Two gRNAs per GSH at the peak summit were further tested for four GSHs that had low ATAC-seq peak signal intensities and 3 GSHs identified previously (Papapetrou, E. P. et al. Nat. Biotechnol. 29, 73-78 (2011)) that had no associated ATAC-seq peaks. A multiple target site specific (MTSS) gRNA32 that targets 9 different loci which have different associated ATAC-seq peak signal intensities (FIGS. 12B and 12C) was additionally included. These controls further corroborated that an extragenic site with an associated high signal intensity ATAC-seq peak had a higher probability of efficient cleavage.

Expression of GSH-Encoded CAR and In Vitro Function

rAAV6 vectors were first designed encoding the 1928ζ-1xx CAR (Feucht, J. et al. et al. Nat. Med. 25, 82-88 (2018)) driven by the EF1α promoter (Eyquem, J., Poirot, L., Galetto, R., Scharenberg, A. M. & Smith, J. Biotechnol. Bioeng. (2013)) flanked by homology arms initially for GSHs-1, 2 and 3 (FIGS. 6 and 7). CAR targeting to the TRAC locus served as control and gold standard (Eyquem, J. et al. Nature 543, 113-117 (2017)). Expression of CAR was highest at GSH-1 among the GSHs, followed by GSH-2 and GSH-3, but lower than at TRAC (FIG. 13C). Commensurate with the CAR expression, GSH-1-CAR T cells displayed the highest cytolytic activity against CD19+ NALM6 leukemia cells equivalent to TRAC-CAR T cells, while GSH-2 and GSH-3 CAR-T cells showed reduced killing (FIG. 9E). To further analyze the functional capacity of the CAR-T cells and the effect of CAR expression on T-cell function, the proliferation of the CAR-T cells was measured over two weeks upon repeated encounter with antigen and examined cell-surface CAR expression at regular time intervals during this antigenic stimulation (FIGS. 10A and 10B). An upregulation of CAR expression was observed on the surface of GSH-1 CAR-T cells after the first exposure to antigen, reaching similar levels to CAR expression in TRAC targeted cells while the expression at GSH-2 and GSH-3 remained unchanged. This similarity in CAR expression levels at TRAC and GSH-1 upon antigen exposure explains the comparable cytolytic activity of these CAR-T cells (FIG. 9E). Upon the second exposure however, GSH-1 CAR-T cells failed to show the same level of CAR upregulation.
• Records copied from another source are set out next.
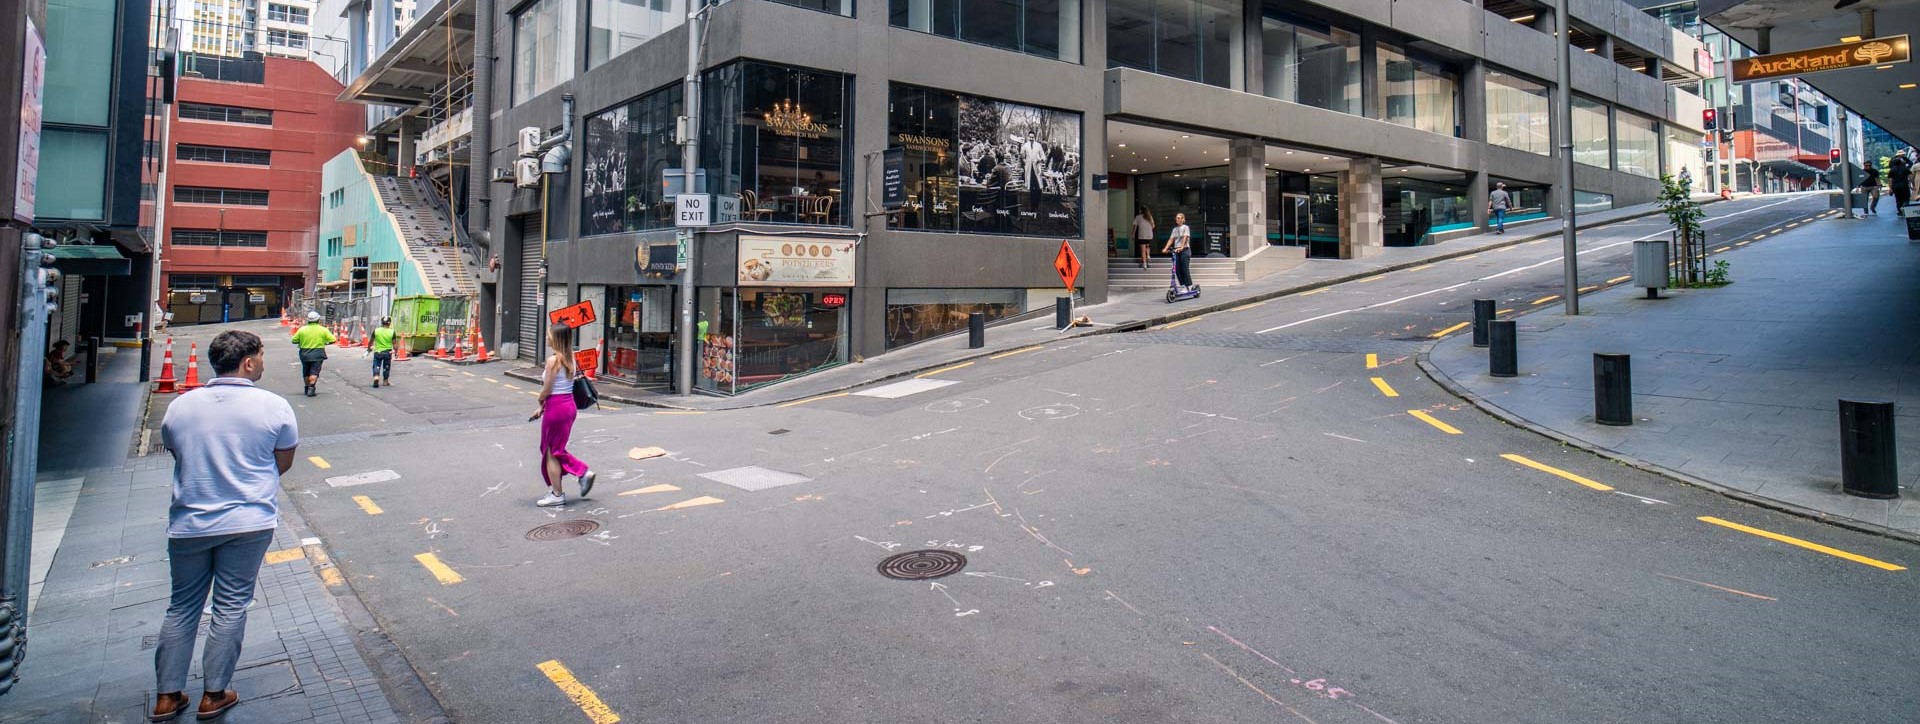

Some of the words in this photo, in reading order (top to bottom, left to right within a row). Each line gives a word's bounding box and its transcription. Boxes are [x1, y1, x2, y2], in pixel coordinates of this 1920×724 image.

[1746, 49, 1850, 76] Auckland
[766, 115, 829, 134] SWANSONS
[898, 133, 950, 147] SWANSONS
[685, 199, 700, 209] NO
[681, 211, 705, 221] EXIT
[782, 259, 834, 269] POTSTICKERS
This indicated that CAR expression silenced over time at all three GSHs, more rapidly at GSH-2 and 3 and gradually at GSH-1. The proliferation capacity of the GSH-CAR-T cells was lower in comparison to TRAC-CAR-T cells and was proportional to the CAR expression levels during the first week after transduction (FIG. 10C).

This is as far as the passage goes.